## The problem
Each record should be copied exactly, and none of them omitted.
-- Working data follows --
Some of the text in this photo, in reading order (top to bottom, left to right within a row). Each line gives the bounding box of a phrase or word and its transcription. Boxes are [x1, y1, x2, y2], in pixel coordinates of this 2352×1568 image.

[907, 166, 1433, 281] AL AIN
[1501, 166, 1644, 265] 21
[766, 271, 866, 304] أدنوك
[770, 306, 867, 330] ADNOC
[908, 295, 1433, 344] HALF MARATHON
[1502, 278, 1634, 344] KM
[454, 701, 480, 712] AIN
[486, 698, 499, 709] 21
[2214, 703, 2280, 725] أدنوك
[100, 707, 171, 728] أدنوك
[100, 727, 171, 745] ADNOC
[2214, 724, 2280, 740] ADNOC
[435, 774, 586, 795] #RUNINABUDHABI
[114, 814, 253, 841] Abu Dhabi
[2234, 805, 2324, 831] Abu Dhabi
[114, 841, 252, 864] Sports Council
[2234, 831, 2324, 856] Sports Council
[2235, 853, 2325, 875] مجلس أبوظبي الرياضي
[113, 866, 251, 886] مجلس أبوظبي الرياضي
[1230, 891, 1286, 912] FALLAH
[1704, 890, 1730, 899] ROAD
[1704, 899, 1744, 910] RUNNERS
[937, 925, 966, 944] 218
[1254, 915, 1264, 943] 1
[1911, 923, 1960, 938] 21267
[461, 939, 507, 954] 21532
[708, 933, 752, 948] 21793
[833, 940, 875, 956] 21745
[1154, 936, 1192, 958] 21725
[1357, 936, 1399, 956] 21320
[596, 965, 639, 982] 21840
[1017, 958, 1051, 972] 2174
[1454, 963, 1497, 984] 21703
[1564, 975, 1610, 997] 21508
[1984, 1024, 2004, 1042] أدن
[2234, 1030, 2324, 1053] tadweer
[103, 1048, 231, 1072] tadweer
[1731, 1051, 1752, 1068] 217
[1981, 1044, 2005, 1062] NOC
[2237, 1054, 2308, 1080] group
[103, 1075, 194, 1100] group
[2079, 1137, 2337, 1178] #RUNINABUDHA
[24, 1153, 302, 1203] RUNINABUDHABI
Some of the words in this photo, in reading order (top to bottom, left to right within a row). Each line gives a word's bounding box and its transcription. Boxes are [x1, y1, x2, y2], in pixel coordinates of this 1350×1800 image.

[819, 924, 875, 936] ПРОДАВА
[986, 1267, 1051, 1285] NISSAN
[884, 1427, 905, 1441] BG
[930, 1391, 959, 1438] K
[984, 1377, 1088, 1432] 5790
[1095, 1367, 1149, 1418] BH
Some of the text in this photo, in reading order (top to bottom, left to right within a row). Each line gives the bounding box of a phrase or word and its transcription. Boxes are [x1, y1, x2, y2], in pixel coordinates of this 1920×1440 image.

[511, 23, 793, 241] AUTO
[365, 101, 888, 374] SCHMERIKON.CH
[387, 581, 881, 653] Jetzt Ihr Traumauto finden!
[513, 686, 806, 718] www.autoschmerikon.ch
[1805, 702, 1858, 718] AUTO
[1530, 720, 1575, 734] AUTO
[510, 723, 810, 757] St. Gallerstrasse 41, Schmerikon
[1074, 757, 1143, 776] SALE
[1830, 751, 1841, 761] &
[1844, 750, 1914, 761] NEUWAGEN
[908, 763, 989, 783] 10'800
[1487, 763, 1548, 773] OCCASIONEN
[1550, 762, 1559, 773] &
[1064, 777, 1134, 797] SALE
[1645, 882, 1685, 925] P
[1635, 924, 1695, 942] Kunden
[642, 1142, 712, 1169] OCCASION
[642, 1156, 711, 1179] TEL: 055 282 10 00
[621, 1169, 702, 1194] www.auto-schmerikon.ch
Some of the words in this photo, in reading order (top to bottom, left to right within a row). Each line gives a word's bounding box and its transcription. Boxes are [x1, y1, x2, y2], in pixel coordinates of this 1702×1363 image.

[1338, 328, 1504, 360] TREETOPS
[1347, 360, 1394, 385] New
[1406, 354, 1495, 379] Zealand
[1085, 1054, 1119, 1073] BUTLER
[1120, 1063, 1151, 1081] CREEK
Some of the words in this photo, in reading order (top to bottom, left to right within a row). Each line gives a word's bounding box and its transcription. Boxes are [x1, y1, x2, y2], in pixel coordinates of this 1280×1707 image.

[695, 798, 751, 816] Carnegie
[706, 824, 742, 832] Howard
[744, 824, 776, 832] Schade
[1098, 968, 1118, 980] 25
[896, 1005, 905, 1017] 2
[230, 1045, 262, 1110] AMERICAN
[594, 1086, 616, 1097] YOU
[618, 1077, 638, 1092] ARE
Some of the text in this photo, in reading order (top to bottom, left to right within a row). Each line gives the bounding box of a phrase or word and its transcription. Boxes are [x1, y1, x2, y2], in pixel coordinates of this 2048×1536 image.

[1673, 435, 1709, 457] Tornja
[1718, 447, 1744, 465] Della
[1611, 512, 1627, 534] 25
-- Working data concluded --
## Your solution
Some of the text in this photo, in reading order (top to bottom, left to right within a row). Each line gives the bounding box of a phrase or word and its transcription. Boxes are [x1, y1, x2, y2], in pixel coordinates of this 2352×1568 image.

[907, 166, 1433, 281] AL AIN
[1501, 166, 1644, 265] 21
[766, 271, 866, 304] أدنوك
[770, 306, 867, 330] ADNOC
[908, 295, 1433, 344] HALF MARATHON
[1502, 278, 1634, 344] KM
[454, 701, 480, 712] AIN
[486, 698, 499, 709] 21
[2214, 703, 2280, 725] أدنوك
[100, 707, 171, 728] أدنوك
[100, 727, 171, 745] ADNOC
[2214, 724, 2280, 740] ADNOC
[435, 774, 586, 795] #RUNINABUDHABI
[114, 814, 253, 841] Abu Dhabi
[2234, 805, 2324, 831] Abu Dhabi
[114, 841, 252, 864] Sports Council
[2234, 831, 2324, 856] Sports Council
[2235, 853, 2325, 875] مجلس أبوظبي الرياضي
[113, 866, 251, 886] مجلس أبوظبي الرياضي
[1230, 891, 1286, 912] FALLAH
[1704, 890, 1730, 899] ROAD
[1704, 899, 1744, 910] RUNNERS
[937, 925, 966, 944] 218
[1254, 915, 1264, 943] 1
[1911, 923, 1960, 938] 21267
[461, 939, 507, 954] 21532
[708, 933, 752, 948] 21793
[833, 940, 875, 956] 21745
[1154, 936, 1192, 958] 21725
[1357, 936, 1399, 956] 21320
[596, 965, 639, 982] 21840
[1017, 958, 1051, 972] 2174
[1454, 963, 1497, 984] 21703
[1564, 975, 1610, 997] 21508
[1984, 1024, 2004, 1042] أدن
[2234, 1030, 2324, 1053] tadweer
[103, 1048, 231, 1072] tadweer
[1731, 1051, 1752, 1068] 217
[1981, 1044, 2005, 1062] NOC
[2237, 1054, 2308, 1080] group
[103, 1075, 194, 1100] group
[2079, 1137, 2337, 1178] #RUNINABUDHA
[24, 1153, 302, 1203] RUNINABUDHABI
Some of the words in this photo, in reading order (top to bottom, left to right within a row). Each line gives a word's bounding box and its transcription. Boxes are [x1, y1, x2, y2], in pixel coordinates of this 1350×1800 image.

[819, 924, 875, 936] ПРОДАВА
[986, 1267, 1051, 1285] NISSAN
[884, 1427, 905, 1441] BG
[930, 1391, 959, 1438] K
[984, 1377, 1088, 1432] 5790
[1095, 1367, 1149, 1418] BH
Some of the text in this photo, in reading order (top to bottom, left to right within a row). Each line gives the bounding box of a phrase or word and its transcription. Boxes are [x1, y1, x2, y2], in pixel coordinates of this 1920×1440 image.

[511, 23, 793, 241] AUTO
[365, 101, 888, 374] SCHMERIKON.CH
[387, 581, 881, 653] Jetzt Ihr Traumauto finden!
[513, 686, 806, 718] www.autoschmerikon.ch
[1805, 702, 1858, 718] AUTO
[1530, 720, 1575, 734] AUTO
[510, 723, 810, 757] St. Gallerstrasse 41, Schmerikon
[1074, 757, 1143, 776] SALE
[1830, 751, 1841, 761] &
[1844, 750, 1914, 761] NEUWAGEN
[908, 763, 989, 783] 10'800
[1487, 763, 1548, 773] OCCASIONEN
[1550, 762, 1559, 773] &
[1064, 777, 1134, 797] SALE
[1645, 882, 1685, 925] P
[1635, 924, 1695, 942] Kunden
[642, 1142, 712, 1169] OCCASION
[642, 1156, 711, 1179] TEL: 055 282 10 00
[621, 1169, 702, 1194] www.auto-schmerikon.ch
Some of the words in this photo, in reading order (top to bottom, left to right within a row). Each line gives a word's bounding box and its transcription. Boxes are [x1, y1, x2, y2], in pixel coordinates of this 1702×1363 image.

[1338, 328, 1504, 360] TREETOPS
[1347, 360, 1394, 385] New
[1406, 354, 1495, 379] Zealand
[1085, 1054, 1119, 1073] BUTLER
[1120, 1063, 1151, 1081] CREEK
Some of the words in this photo, in reading order (top to bottom, left to right within a row). Each line gives a word's bounding box and its transcription. Boxes are [x1, y1, x2, y2], in pixel coordinates of this 1280×1707 image.

[695, 798, 751, 816] Carnegie
[706, 824, 742, 832] Howard
[744, 824, 776, 832] Schade
[1098, 968, 1118, 980] 25
[896, 1005, 905, 1017] 2
[230, 1045, 262, 1110] AMERICAN
[594, 1086, 616, 1097] YOU
[618, 1077, 638, 1092] ARE
Some of the text in this photo, in reading order (top to bottom, left to right within a row). Each line gives the bounding box of a phrase or word and its transcription. Boxes are [x1, y1, x2, y2], in pixel coordinates of this 2048×1536 image.

[1673, 435, 1709, 457] Tornja
[1718, 447, 1744, 465] Della
[1611, 512, 1627, 534] 25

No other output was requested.